--- START ---
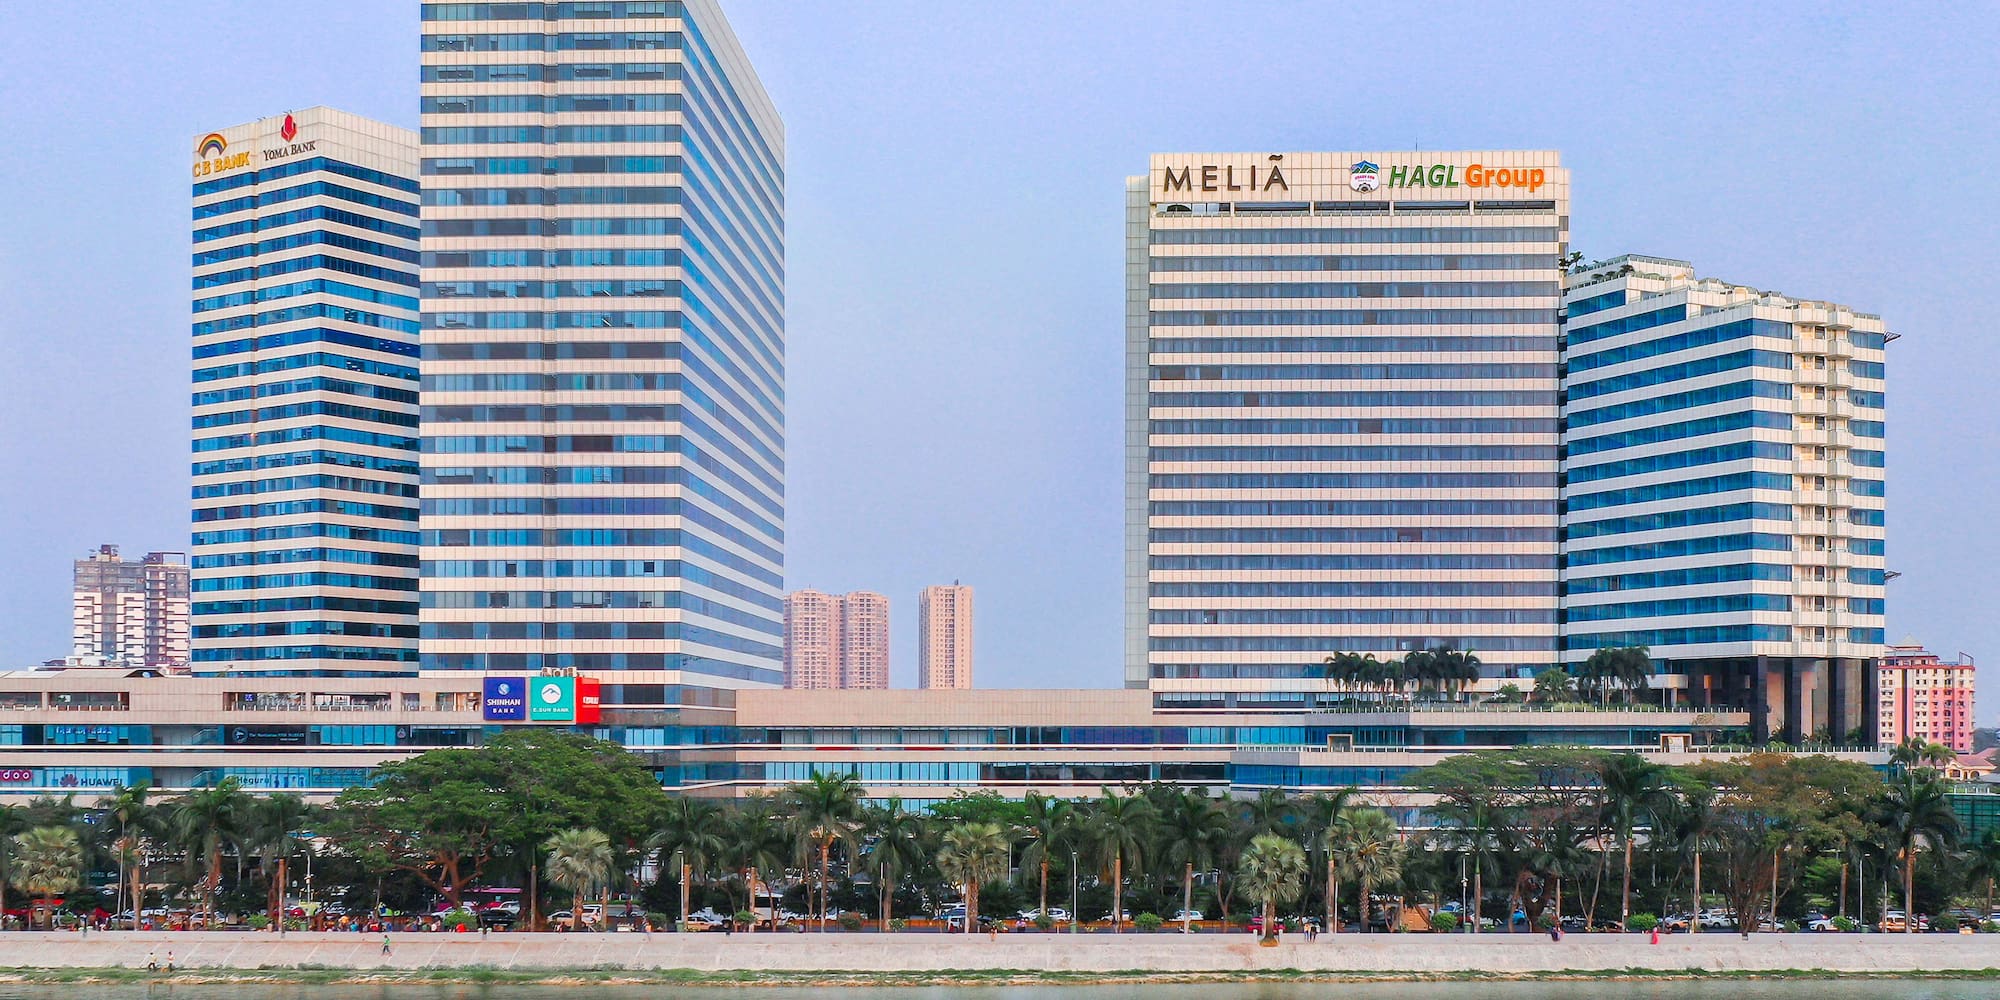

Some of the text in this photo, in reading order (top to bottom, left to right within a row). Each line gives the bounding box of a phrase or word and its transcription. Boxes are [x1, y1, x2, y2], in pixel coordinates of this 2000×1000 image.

[263, 140, 316, 161] YOMA BANK
[192, 151, 250, 178] CB BANK
[1163, 154, 1288, 192] MELIÃ
[1388, 163, 1545, 193] HAGL Group
[487, 698, 521, 706] SHINHAN
[80, 778, 123, 787] HUAWEI
--- END ---
§ To do: This task calls for the records to be copied exactly, without pictures.

§ Task result:
Some of the text in this photo, in reading order (top to bottom, left to right within a row). Each line gives the bounding box of a phrase or word and its transcription. Boxes are [x1, y1, x2, y2], in pixel coordinates of this 2000×1000 image.

[263, 140, 316, 161] YOMA BANK
[192, 151, 250, 178] CB BANK
[1163, 154, 1288, 192] MELIÃ
[1388, 163, 1545, 193] HAGL Group
[487, 698, 521, 706] SHINHAN
[80, 778, 123, 787] HUAWEI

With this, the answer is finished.